Some months ago I hurt my shoulder. Of all the exercises I do, how did I hurt it? Yoga! It wasn’t even a difficult pose, I was doing the bug sequence and suddenly my shoulder blade wasn’t where it was supposed to be during an arm extension.
Crikey it hurt.
I stopped the exercise, and went gentle on my shoulder for the rest of the class. However, it still hurt the next day when I was running for my train (late again). It eased off, but I have been aware of the weakness ever since.
Then my friend started to nag me. She had an injury that got worse, and she persuaded me that it is better to get it checked out now, before I do some major damage.
Sometimes fitness is about more than just exercise.

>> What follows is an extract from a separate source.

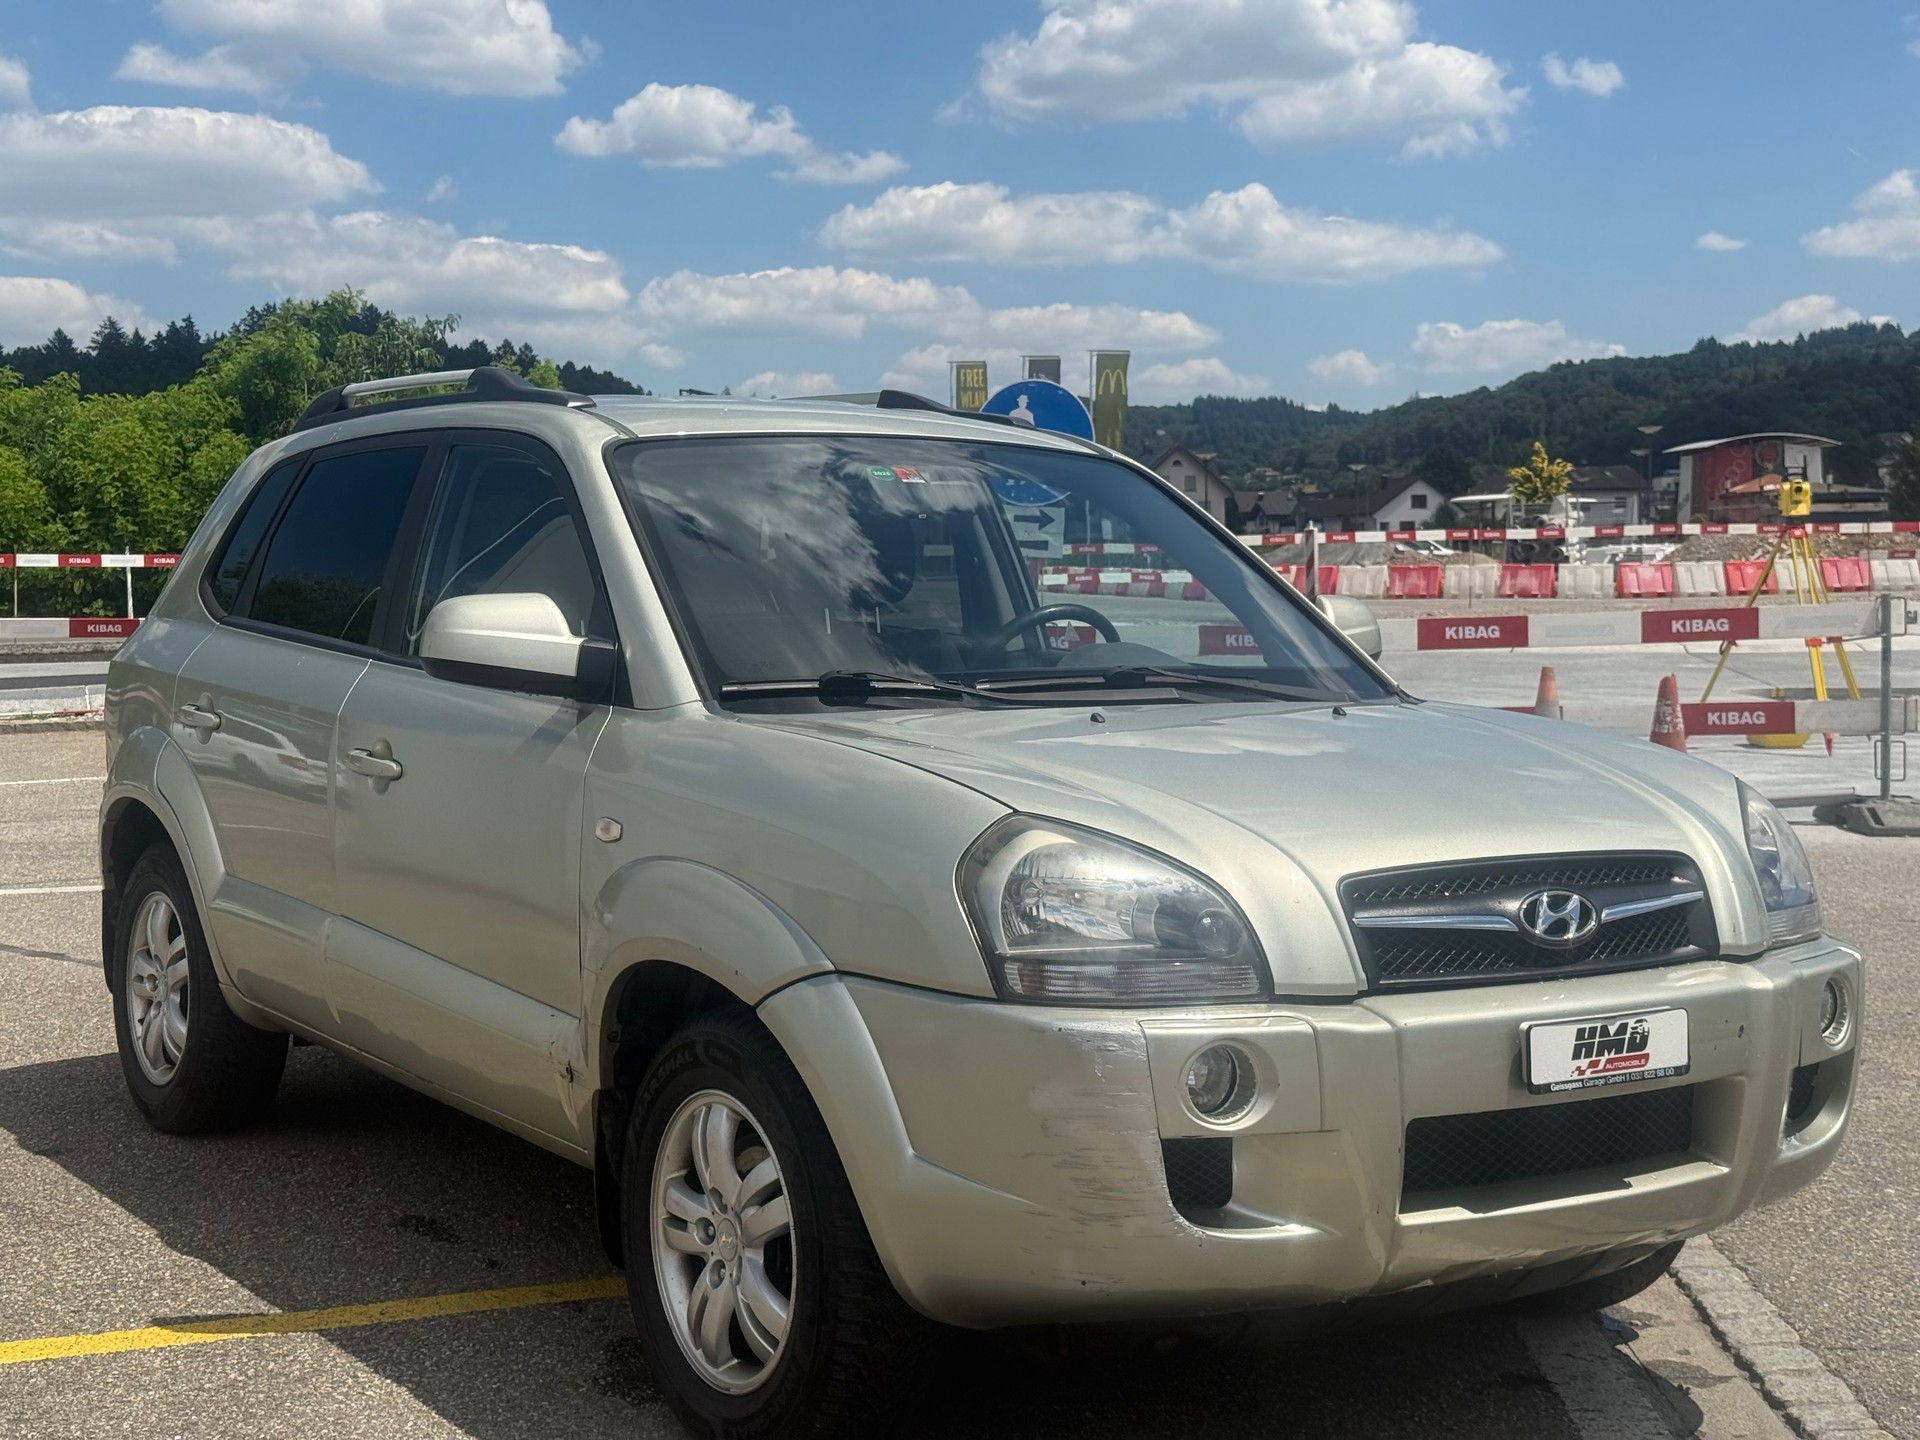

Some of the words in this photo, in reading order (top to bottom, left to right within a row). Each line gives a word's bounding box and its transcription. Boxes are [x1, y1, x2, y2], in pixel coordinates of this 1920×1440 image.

Sometimes it’s about taking care of your body, and treating it right.
So I booked my appointment, and went along. I wasn’t sure what to expect – only having been told that it would hurt (it really wasn’t that bad – read on to find out more)!
The definition of a Sports Therapist from the Society of Sports Therapists
A Sports Therapist is a healthcare professional who has the knowledge, skills and ability to:
utilise sports and exercise principles to optimise performance, preparation and injury prevention programmes
provide the immediate care of injuries and basic life support in a recreational, training & competitive environment
assess, treat and, where appropriate, refer on for specialist advice and intervention.
provide appropriate sport and remedial massage in a sport & exercise context
plan and implement appropriate rehabilitation programmes
We started with a consultation, and she asked me what was the problem, and what exercise I do as part of my weekly routine. Yes, she told me off for over-training, but was pleased that I do a variety of exercise, splitting my time between different classes, the gym and swimming; and that I take an active rest day once a week.
Hannah ran me through some exercises to see what was happening in the joint and decided that my shoulder was unstable. She located the problem in my subscapularis muscle, though I can’t remember if it was the subscapularis which was overworking, or weak. But basically I had some muscles that were overworking and some which were weak; meaning that the shoulder joint wasn’t working as well as it should do.
Hannah gave me a sports massage focussing on my shoulders and into my back, which was intense, but nothing I couldn’t handle.
I’ve been given some exercises to do daily (5 days a week) to get the shoulder working optimally again, and told that if it’s still bothering me in a week-10 days then to go back, but hopefully this should sort it out.
Have you ever been to see a sports therapist? What non-exercise things do you do to maintain your fitness and look after your body?
Please note, the information in this blog refers to my experience only, and does not constitute health advice. If you have any problems I recommend you see a professional Sports Therapist, and never do anything that has been ruled out by your GP.